Thursday, November 29, 2007

Dinner In Bed

One by one
the dumplings shove into your mouth

and clog up the pipe hole

without enough room to cut the pieces down to size
I watch quietly as your face turns a pretty shade of red
(remember the poppies in your mother’s garden?)

finger-fed;
you had hours to notice the grubby thumbs
dirtied by the way I live

but you greedy little thing!

now it’s too late
as your eyes roll back in your head
and your body falls limp to the floor

I prop you back on the pillows
slide up against your neck
and grin at the mess that I have made

Friday, November 23, 2007

i've been thinking.
these past couple of weeks i've been in a situation that i realize i've been in before-
just on the opposite side.
and part of me was wishing that it never happened,
but the other part of me now knows what it feels like to be across the line and
in a way i'm thankful for it.
maybe this will make me more compassionate towards the feelings of the other.
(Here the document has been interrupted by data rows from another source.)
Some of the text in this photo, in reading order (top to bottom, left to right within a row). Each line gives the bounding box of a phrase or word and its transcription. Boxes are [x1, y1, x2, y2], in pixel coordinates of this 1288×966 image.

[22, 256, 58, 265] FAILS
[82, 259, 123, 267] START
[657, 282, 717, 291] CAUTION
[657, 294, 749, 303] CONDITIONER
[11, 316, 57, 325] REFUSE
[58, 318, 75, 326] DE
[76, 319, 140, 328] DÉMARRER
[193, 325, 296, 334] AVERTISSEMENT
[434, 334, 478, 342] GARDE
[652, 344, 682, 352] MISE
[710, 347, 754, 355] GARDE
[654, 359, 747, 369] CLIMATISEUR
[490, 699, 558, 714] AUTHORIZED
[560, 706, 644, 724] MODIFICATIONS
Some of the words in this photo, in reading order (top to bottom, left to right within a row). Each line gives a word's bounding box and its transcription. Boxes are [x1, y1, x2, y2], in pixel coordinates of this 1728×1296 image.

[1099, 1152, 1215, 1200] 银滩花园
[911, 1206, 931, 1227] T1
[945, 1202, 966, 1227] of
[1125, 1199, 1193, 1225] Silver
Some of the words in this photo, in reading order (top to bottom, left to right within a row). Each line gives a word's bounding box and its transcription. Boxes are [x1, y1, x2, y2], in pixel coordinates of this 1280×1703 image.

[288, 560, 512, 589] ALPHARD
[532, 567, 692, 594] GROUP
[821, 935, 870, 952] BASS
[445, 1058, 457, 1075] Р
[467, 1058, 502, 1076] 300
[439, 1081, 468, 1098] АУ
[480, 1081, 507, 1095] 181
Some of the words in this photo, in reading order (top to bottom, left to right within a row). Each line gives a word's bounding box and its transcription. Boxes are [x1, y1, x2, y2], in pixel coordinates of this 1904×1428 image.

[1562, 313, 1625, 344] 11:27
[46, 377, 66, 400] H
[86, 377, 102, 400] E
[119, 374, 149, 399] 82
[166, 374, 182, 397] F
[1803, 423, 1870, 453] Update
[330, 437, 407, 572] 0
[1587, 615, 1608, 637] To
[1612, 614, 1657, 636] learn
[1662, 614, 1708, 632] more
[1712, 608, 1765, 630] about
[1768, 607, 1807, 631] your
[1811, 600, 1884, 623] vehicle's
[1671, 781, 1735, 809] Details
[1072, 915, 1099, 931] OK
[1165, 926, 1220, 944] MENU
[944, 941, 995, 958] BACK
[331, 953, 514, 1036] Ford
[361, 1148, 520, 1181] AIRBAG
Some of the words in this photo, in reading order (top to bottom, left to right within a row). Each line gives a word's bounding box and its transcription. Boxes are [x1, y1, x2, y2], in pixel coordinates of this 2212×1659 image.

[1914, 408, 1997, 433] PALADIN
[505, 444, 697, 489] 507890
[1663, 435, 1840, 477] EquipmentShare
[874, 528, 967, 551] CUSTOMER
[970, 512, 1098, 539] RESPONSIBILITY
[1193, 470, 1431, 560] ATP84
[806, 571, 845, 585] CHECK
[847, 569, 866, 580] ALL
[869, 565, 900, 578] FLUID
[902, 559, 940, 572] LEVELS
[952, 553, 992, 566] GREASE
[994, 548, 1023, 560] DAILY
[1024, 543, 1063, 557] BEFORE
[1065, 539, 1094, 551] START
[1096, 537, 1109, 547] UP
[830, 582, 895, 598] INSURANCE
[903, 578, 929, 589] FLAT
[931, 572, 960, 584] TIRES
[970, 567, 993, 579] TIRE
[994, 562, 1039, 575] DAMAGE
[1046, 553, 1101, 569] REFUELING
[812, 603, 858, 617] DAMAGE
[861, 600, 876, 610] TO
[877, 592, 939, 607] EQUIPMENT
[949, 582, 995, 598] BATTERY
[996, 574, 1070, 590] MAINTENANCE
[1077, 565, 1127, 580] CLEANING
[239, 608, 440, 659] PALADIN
i have to be more careful.
more aware of my actions!
because i don't want to do this to another person again.

promise colleen elisabeth?



promise.

Tuesday, November 20, 2007

a little over a week ago a painting of mine was stolen from the art studio.
i'm still pretty full of anger towards the person who took it.
although, I dont know who it was, so the anger just floats up into the air.

I just can't understand why someone would want to do that to someone else
knowing how much work goes into a piece of art.

i know that this is somewhat unimportant compared to other things that are going on.
but no one really understands how much this hurt me.

i'm having selfish feelings right now.

got to let them go eventually.
just not this morning.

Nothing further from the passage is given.